=== Section Start ===
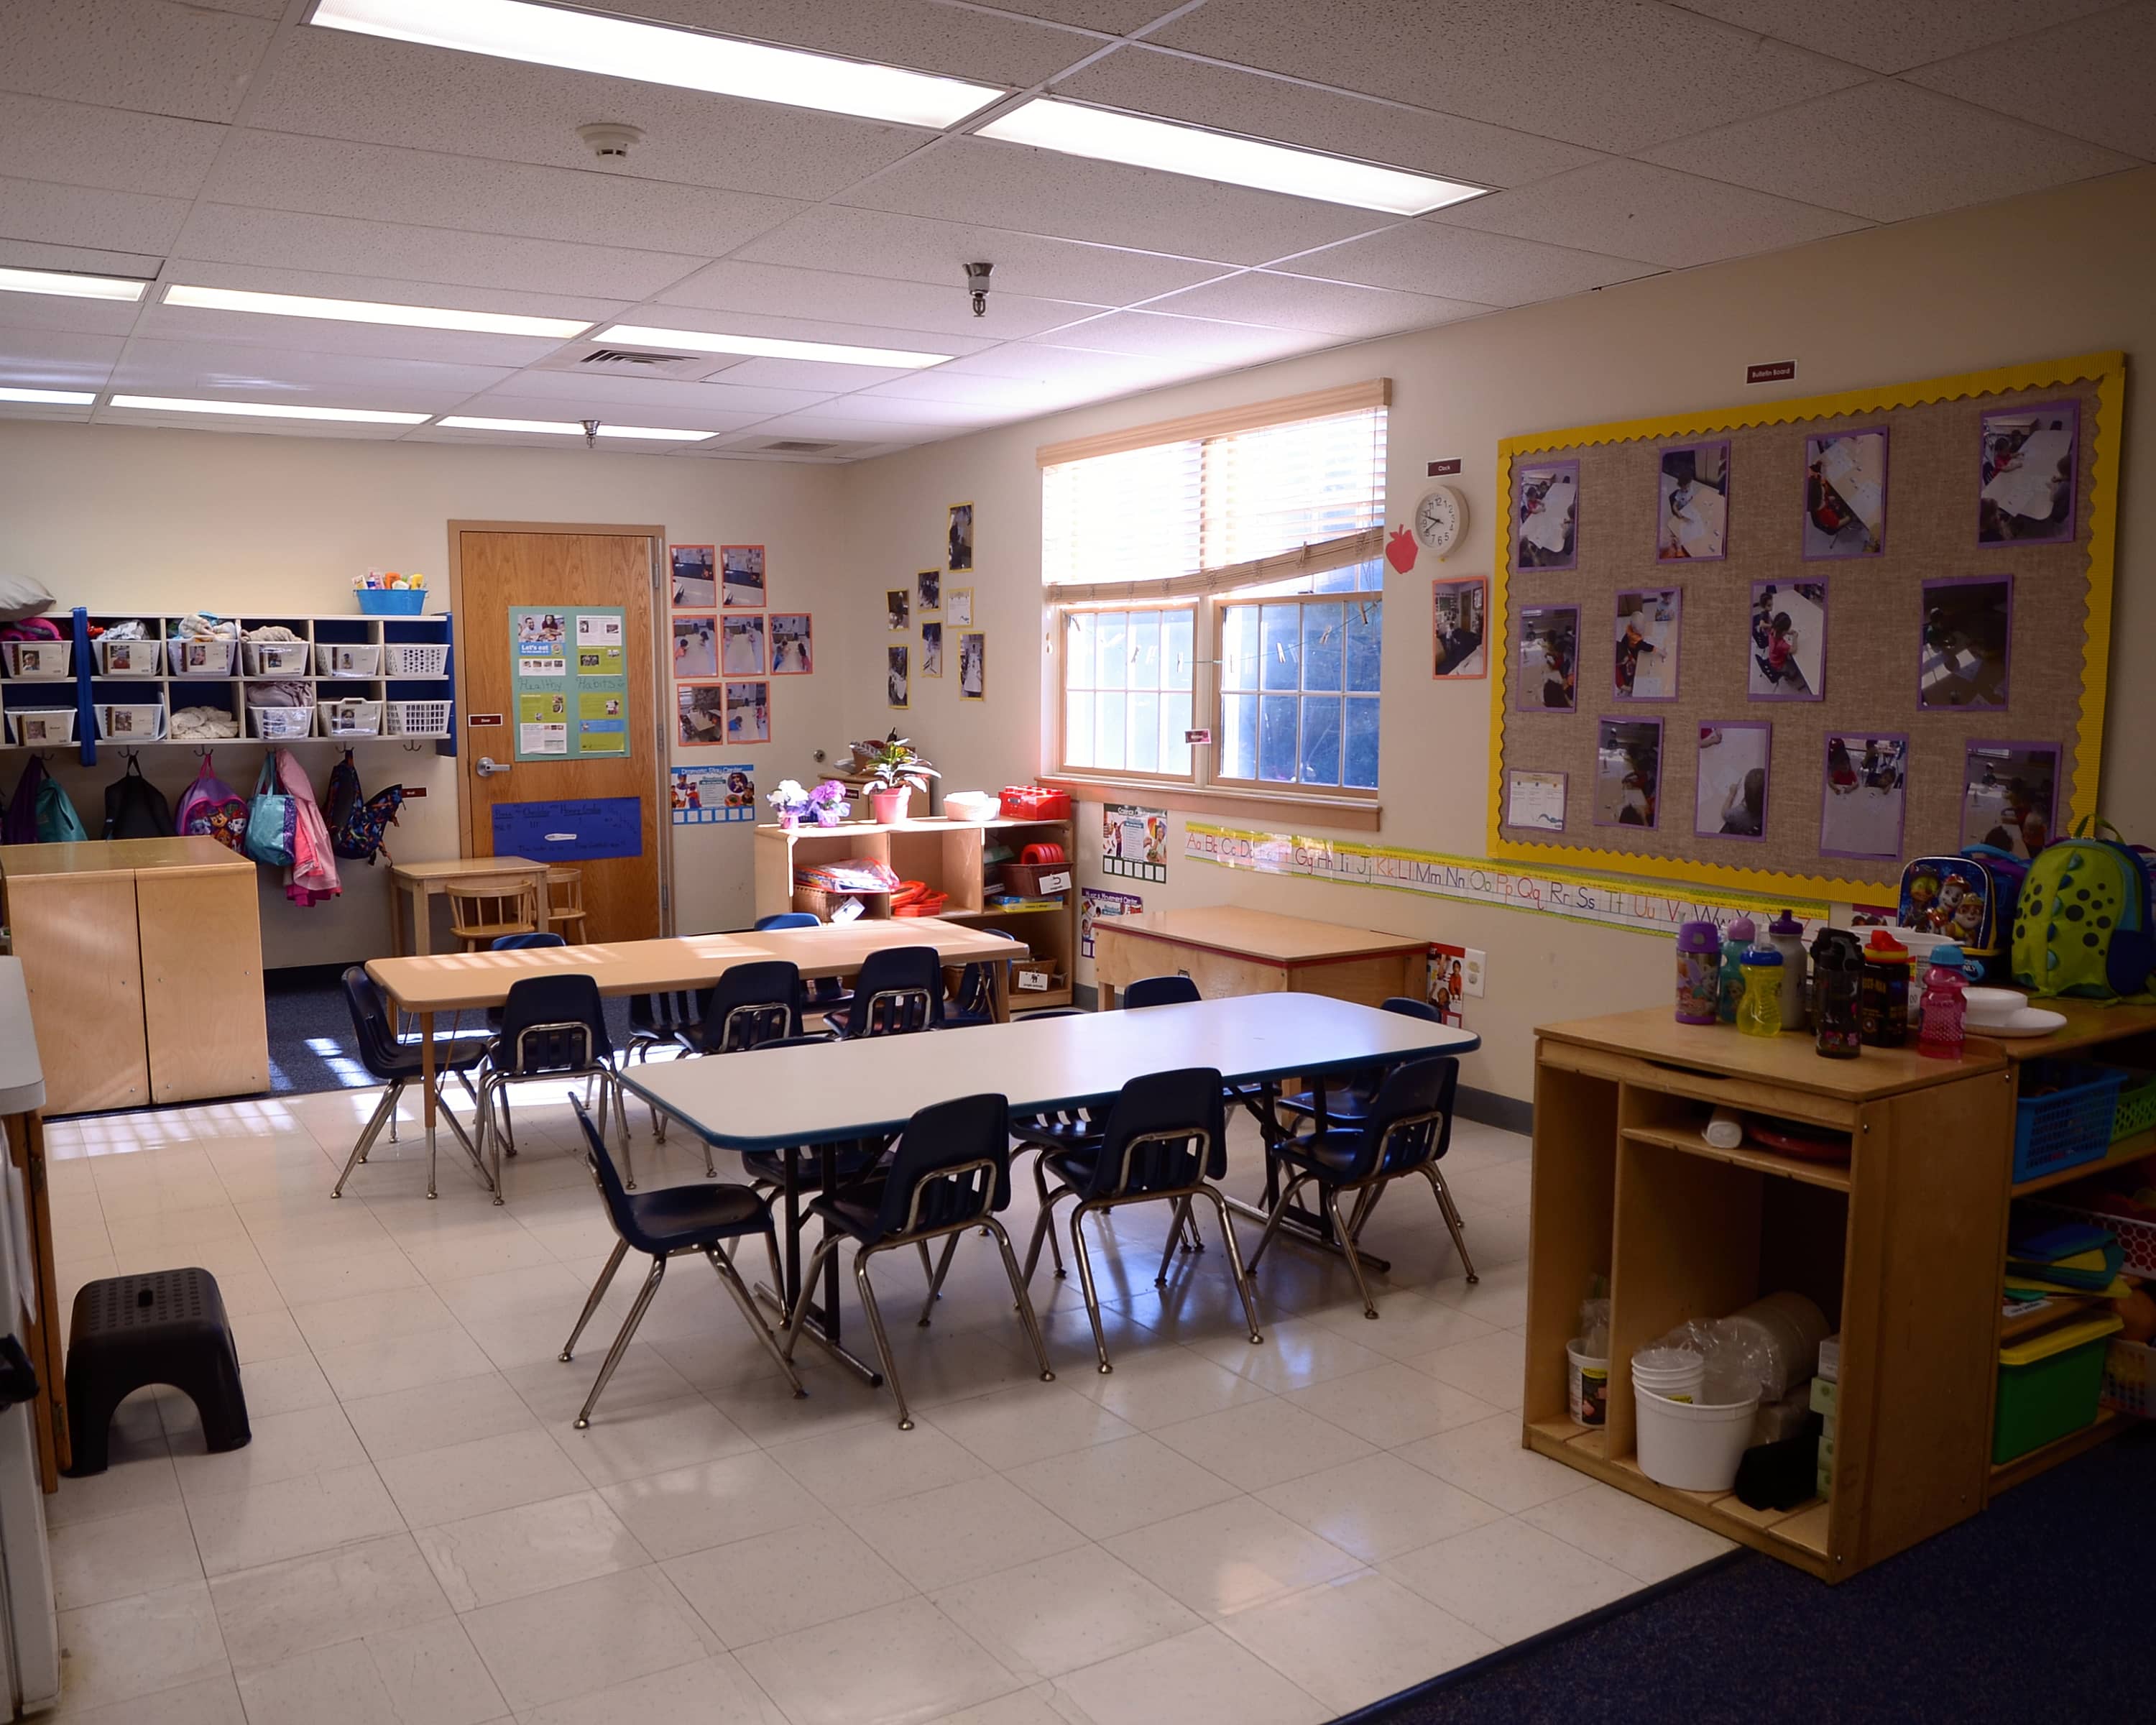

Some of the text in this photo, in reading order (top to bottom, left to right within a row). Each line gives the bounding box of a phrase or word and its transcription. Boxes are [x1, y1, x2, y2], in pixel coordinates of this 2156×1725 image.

[1752, 369, 1772, 378] Bulletin
[1434, 497, 1442, 506] 12
[1437, 536, 1442, 546] 6
[517, 676, 615, 691] Healthy Habits
[1187, 833, 1201, 850] Aa
[1221, 837, 1236, 856] Cc
[1295, 847, 1314, 875] Gg
[1340, 852, 1349, 873] Ii
[1357, 855, 1373, 884] Jj
[1376, 857, 1393, 877] Kk
[1416, 862, 1442, 885] Mm
[1446, 865, 1465, 888] Nn
[1470, 870, 1491, 892] Oo
[1496, 873, 1513, 904] Pp
[1517, 877, 1544, 911] Qq
[1550, 881, 1570, 904] Rr
[1576, 886, 1595, 909] Ss
[1605, 890, 1623, 914] Tt
[1634, 895, 1655, 919] Uu
[1101, 893, 1123, 903] Movement
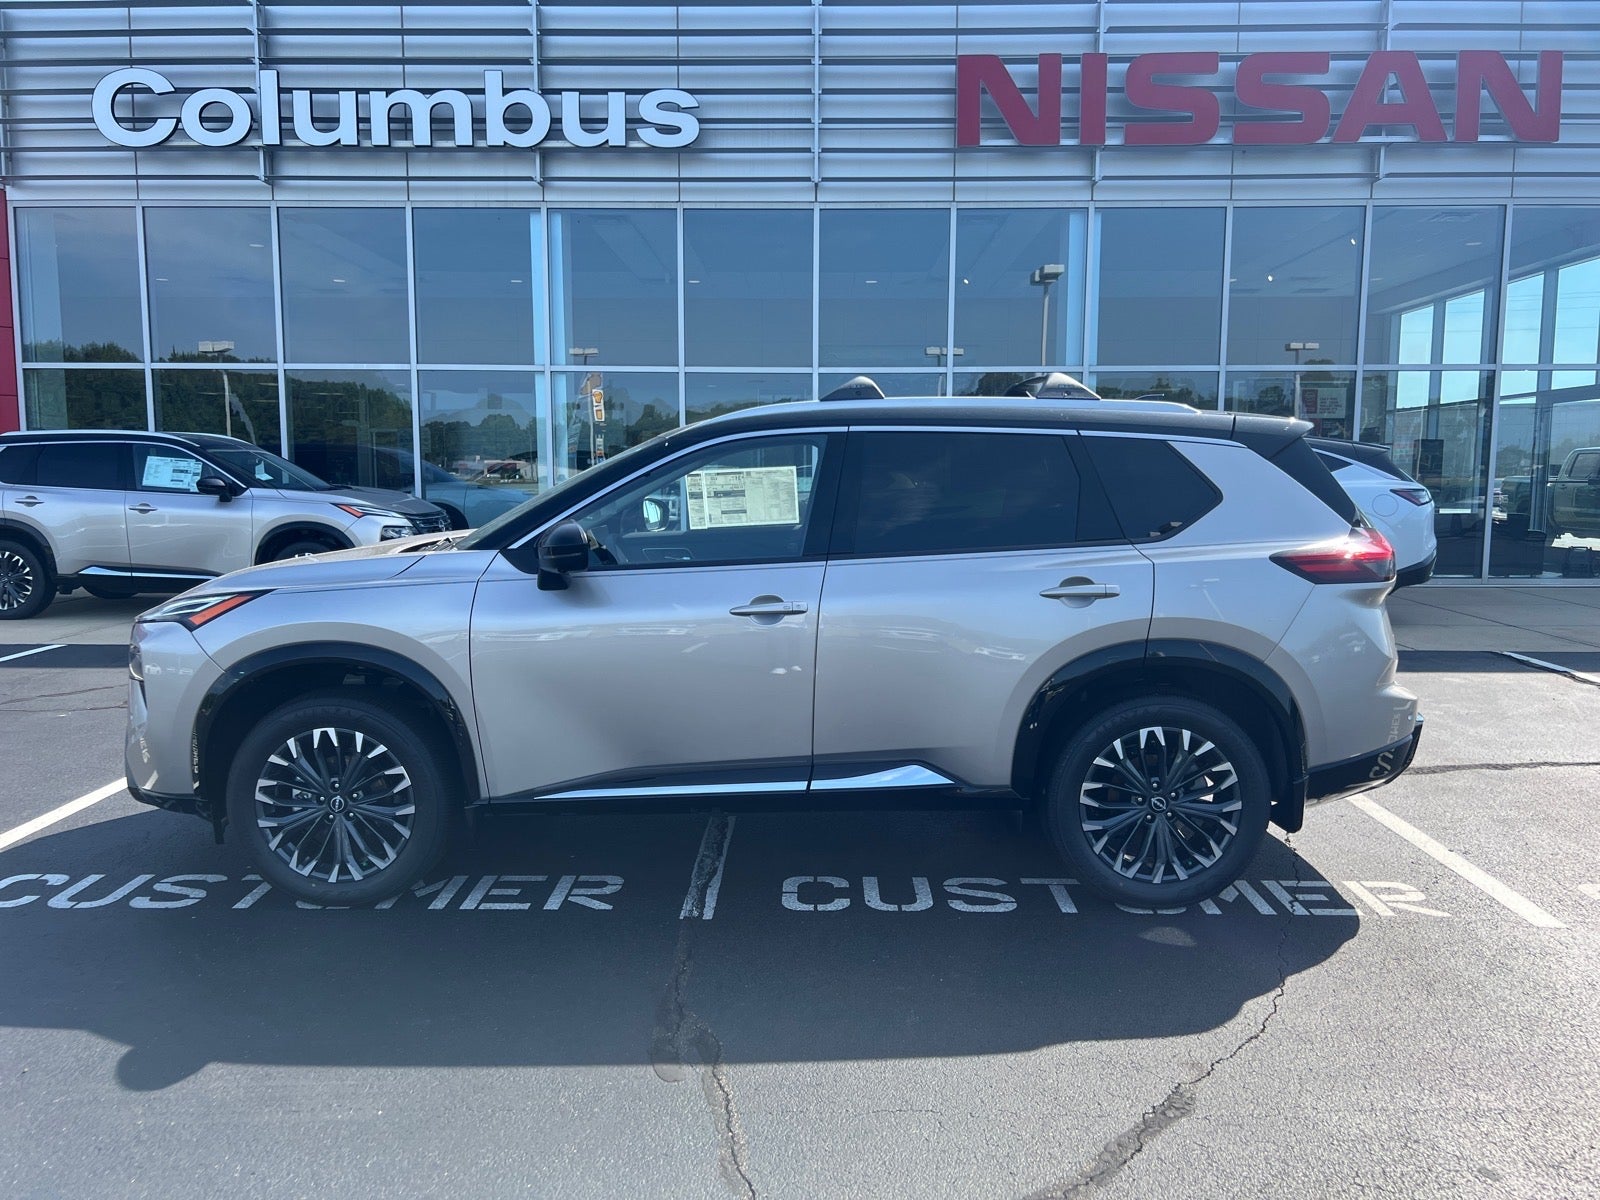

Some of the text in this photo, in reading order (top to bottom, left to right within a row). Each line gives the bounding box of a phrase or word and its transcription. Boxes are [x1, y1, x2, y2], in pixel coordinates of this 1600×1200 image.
=== Section End ===
* _Exercise_
Leave every picture out and output the records exactly.

* _Final answer_
Some of the text in this photo, in reading order (top to bottom, left to right within a row). Each line gives the bounding box of a phrase or word and its transcription. Boxes are [x1, y1, x2, y2], in pixel coordinates of this 2156×1725 image.

[1752, 369, 1772, 378] Bulletin
[1434, 497, 1442, 506] 12
[1437, 536, 1442, 546] 6
[517, 676, 615, 691] Healthy Habits
[1187, 833, 1201, 850] Aa
[1221, 837, 1236, 856] Cc
[1295, 847, 1314, 875] Gg
[1340, 852, 1349, 873] Ii
[1357, 855, 1373, 884] Jj
[1376, 857, 1393, 877] Kk
[1416, 862, 1442, 885] Mm
[1446, 865, 1465, 888] Nn
[1470, 870, 1491, 892] Oo
[1496, 873, 1513, 904] Pp
[1517, 877, 1544, 911] Qq
[1550, 881, 1570, 904] Rr
[1576, 886, 1595, 909] Ss
[1605, 890, 1623, 914] Tt
[1634, 895, 1655, 919] Uu
[1101, 893, 1123, 903] Movement

Some of the text in this photo, in reading order (top to bottom, left to right within a row). Each line gives the bounding box of a phrase or word and its transcription. Boxes are [x1, y1, x2, y2], in pixel coordinates of this 1600×1200 image.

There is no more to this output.